Exports increased by 6.51 percent from USD 285.96 million in March 2020 to USD 304.59 million in March 2021.
Imports soared nine-folds from USD 9.88 million in March 2020 to USD 92.71 million in March 2021.
Despite the upsurge in import, however, Balance of Trade in Goods (BoT-G) still declined by 23.26 percent. It dropped from USD 276.08 million in March 2020 to USD 211.88 million in March 2021 (Table 1).
The total volume of the region’s exports in March 2021 was 106.16 million kilograms with a total value of USD 304.59 million.
The bulk (95.58%) of the region’s export in March 2021 was the commodity group of copper and articles thereof worth USD 291.14 million. Other contributors were inorganic chemicals, organic or inorganic compounds of precious metals, of rare-earth, of radio-active elements or of isotopes commodity group worth USD 8.87 million (2.91%); pulp of wood or of other fibrous cellulosic material, recovered (waste and scrap) paper or paperboard commodity group worth USD 2.49 million (0.82%); and, fertilizers commodity group worth USD 2.10 million (0.69%) (Table 2).
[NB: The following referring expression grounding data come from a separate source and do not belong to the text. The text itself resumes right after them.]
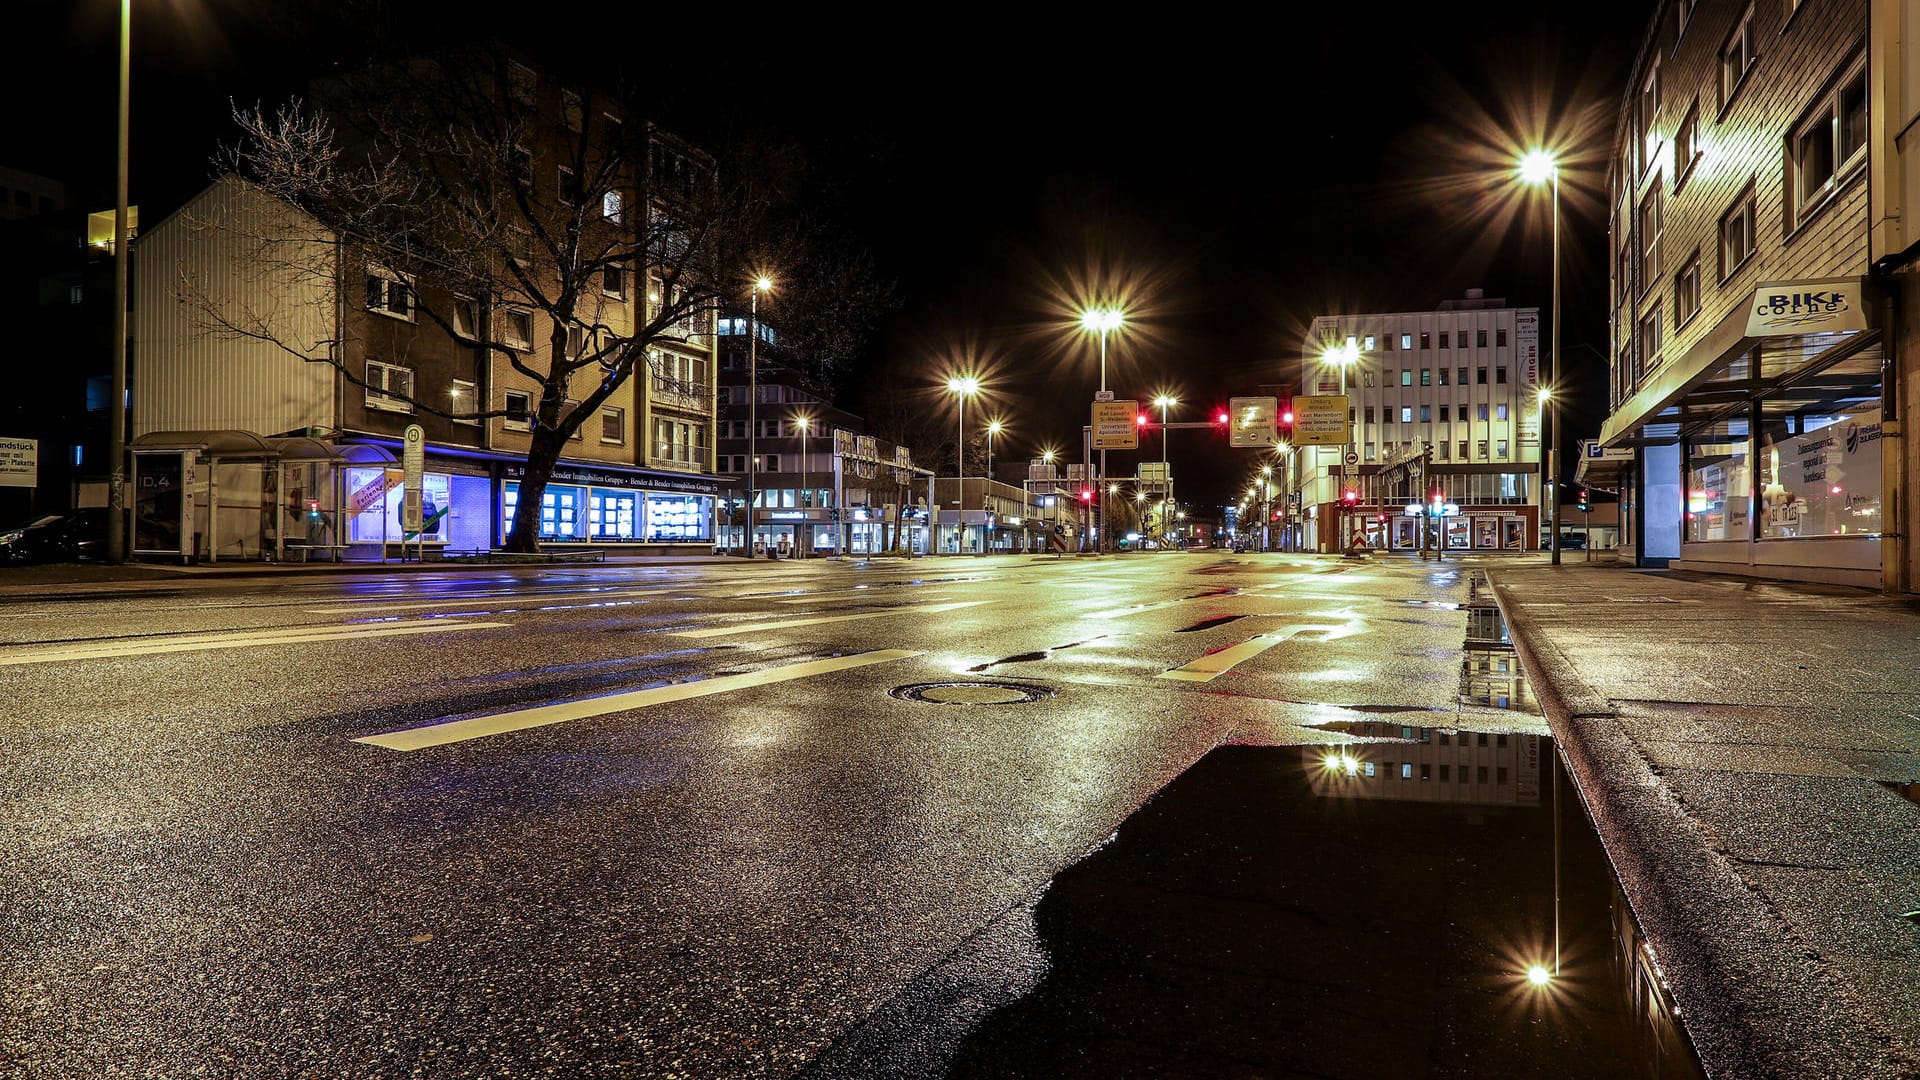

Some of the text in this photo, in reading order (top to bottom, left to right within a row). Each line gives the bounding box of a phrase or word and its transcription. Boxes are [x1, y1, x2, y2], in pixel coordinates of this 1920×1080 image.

[1768, 291, 1845, 307] BIKE
[0, 442, 34, 451] ndstück
[1590, 444, 1601, 457] P
[140, 476, 170, 488] ID.4
[572, 472, 604, 482] Immobilien
[604, 475, 624, 486] Gruppe
[630, 477, 648, 486] Bender
[654, 480, 670, 488] Bender
More than half or 57.02 percent of the region’s export in March 2021 went to People’s Republic of China valued at USD 173.68 million. The rest of the exports went to India worth USD 63.24 million (20.76%), Thailand worth USD 37.78 million (12.40%), Vietnam and Republic of Korea with exports valued at USD 10.55 million (3.47%) and USD 8.08 million (2.65%), respectively (Table 3).
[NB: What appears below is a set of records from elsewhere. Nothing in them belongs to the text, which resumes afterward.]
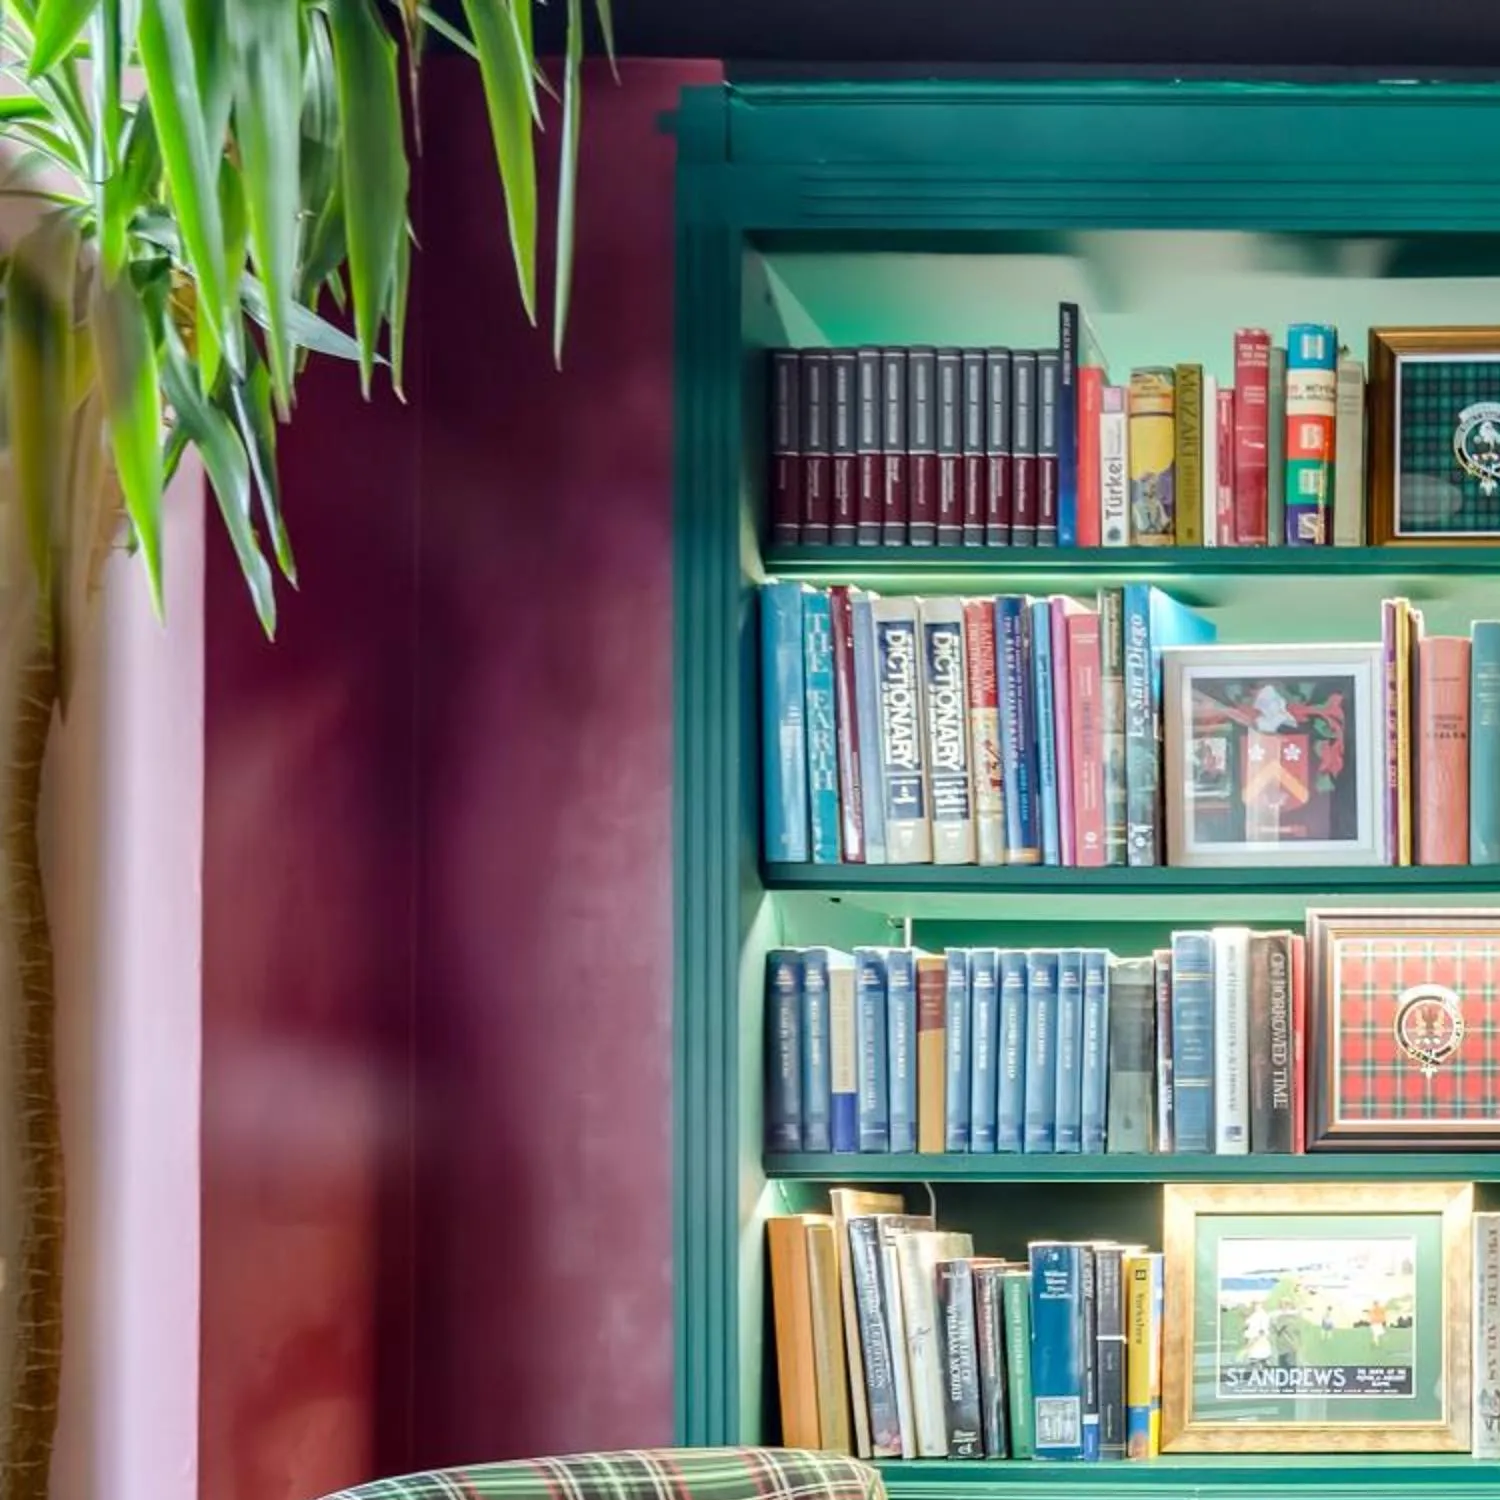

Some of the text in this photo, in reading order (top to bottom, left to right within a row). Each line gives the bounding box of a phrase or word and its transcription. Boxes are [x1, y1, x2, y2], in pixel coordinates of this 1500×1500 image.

[1180, 369, 1199, 458] MOZART
[1104, 456, 1125, 521] Türkei
[886, 630, 915, 769] DICTIONARY
[933, 631, 961, 770] DICTIONARY
[1126, 613, 1146, 738] Le San Diego
[1271, 952, 1288, 1109] ON BORROWED TIME
[946, 1305, 962, 1401] WILLIAM MORRIS
[1247, 1368, 1347, 1387] ANDREWS
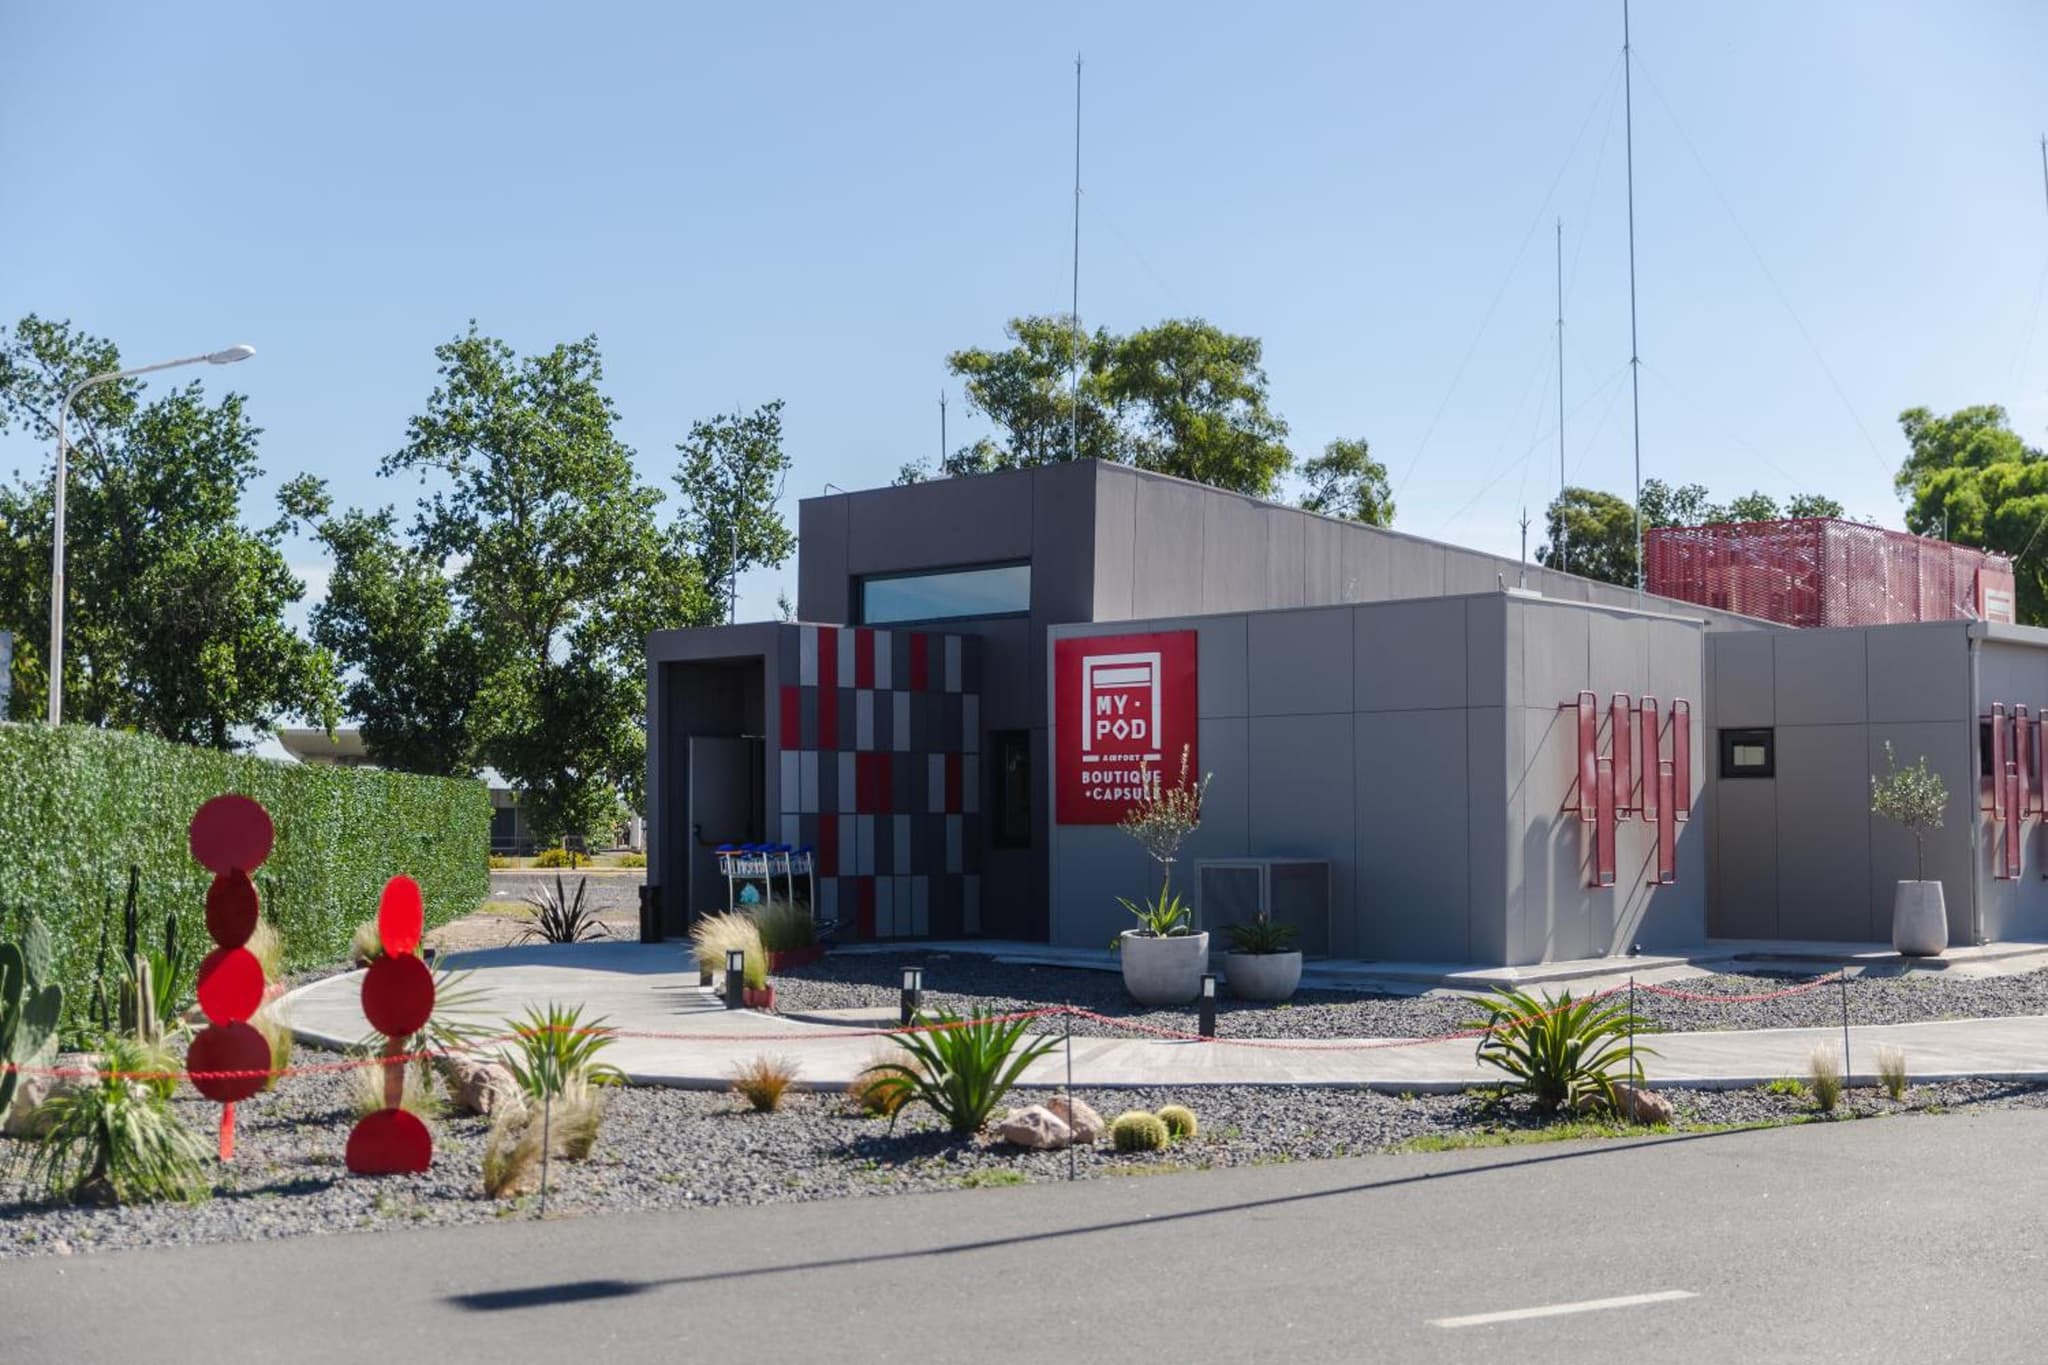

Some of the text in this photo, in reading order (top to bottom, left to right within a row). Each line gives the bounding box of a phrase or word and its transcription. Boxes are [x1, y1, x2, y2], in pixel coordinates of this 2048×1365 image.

[1096, 694, 1128, 715] MY
[1096, 718, 1146, 740] POD
[1082, 770, 1161, 784] BOUTIQUE
The region’s total volume of imports in March 2021 had a gross weight of 194.34 million kilograms which amounted to USD 92.71 million.
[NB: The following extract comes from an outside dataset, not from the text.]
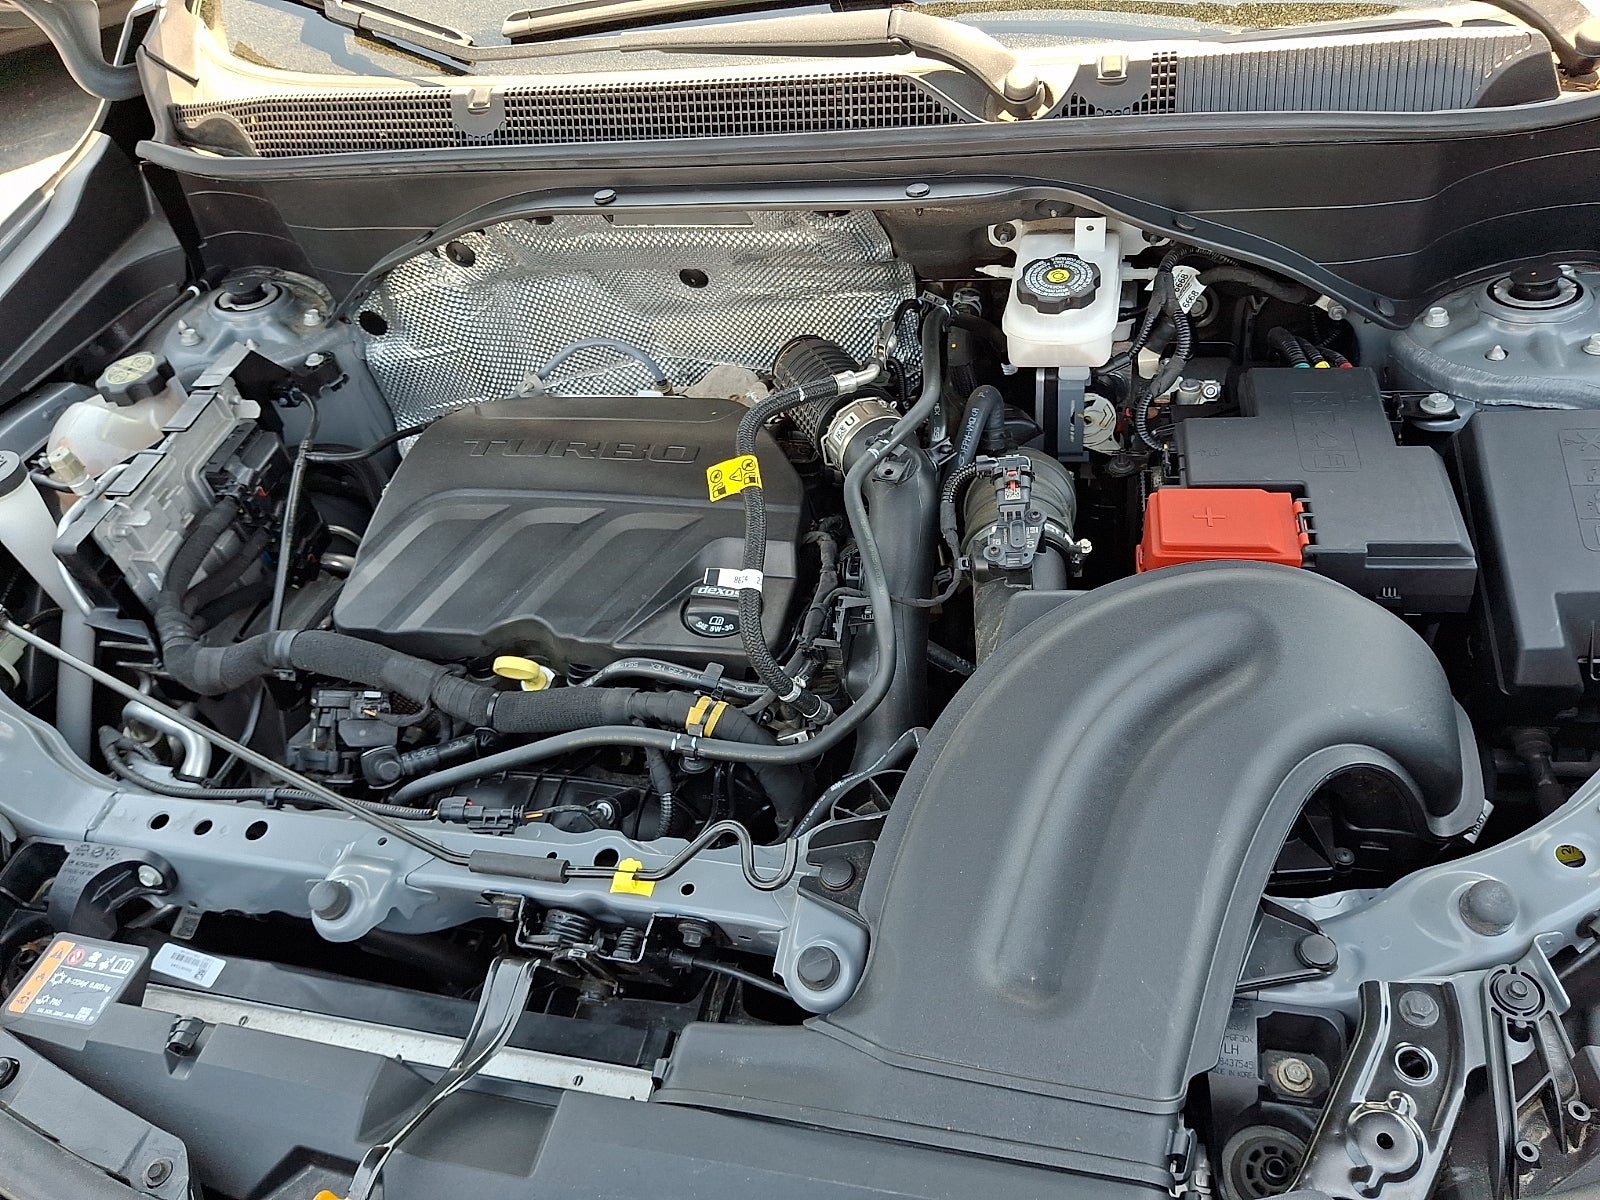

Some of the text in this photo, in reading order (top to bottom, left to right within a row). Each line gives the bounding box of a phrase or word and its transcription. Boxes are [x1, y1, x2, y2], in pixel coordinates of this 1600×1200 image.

[463, 438, 700, 464] TURBO
[695, 621, 734, 633] SAE 5W-30
[1224, 1042, 1239, 1055] LH
Ores, slag and ash was the main commodity group imported by the region. This contributed USD 67.38 million or 72.68 percent of the region’s total value of import.
The commodity group of mineral fuels, mineral oils and products of their distillation, bituminous substances, mineral waxes worth USD 16.48 million covered 17.78 percent of the regional import receipts. Cereals commodity group contributed USD 2.91 million or 3.13 percent of the regional import receipts.
The major importer in March 2021 was Indonesia which supplied more than half (52.82%) or USD 48.97 million of the region’s total value of import. This was followed by Peru with USD 19.49 million (21.02%) imports, People’s Republic of China with USD 7.53 million (8.12%) worth of imports, while Singapore and Vietnam traded USD 6.85 million (7.38%) and USD 4.11 million (4.43%) worth of imports, respectively.
Export and Import Trade Statistics are compiled by the Philippine Statistics Authority (PSA) from copies of export and import documents submitted to the Bureau of Customs (BOC) by exporters and importers or their authorized representatives as required by law. PSA collects copies of the following accomplished forms:
- Export Declaration (ED – DTI form)
- Import Entry & Internal Revenue Declaration (BOC IEIRD Form 236)
- Informal Import Declaration and Entry (BOC Form 177)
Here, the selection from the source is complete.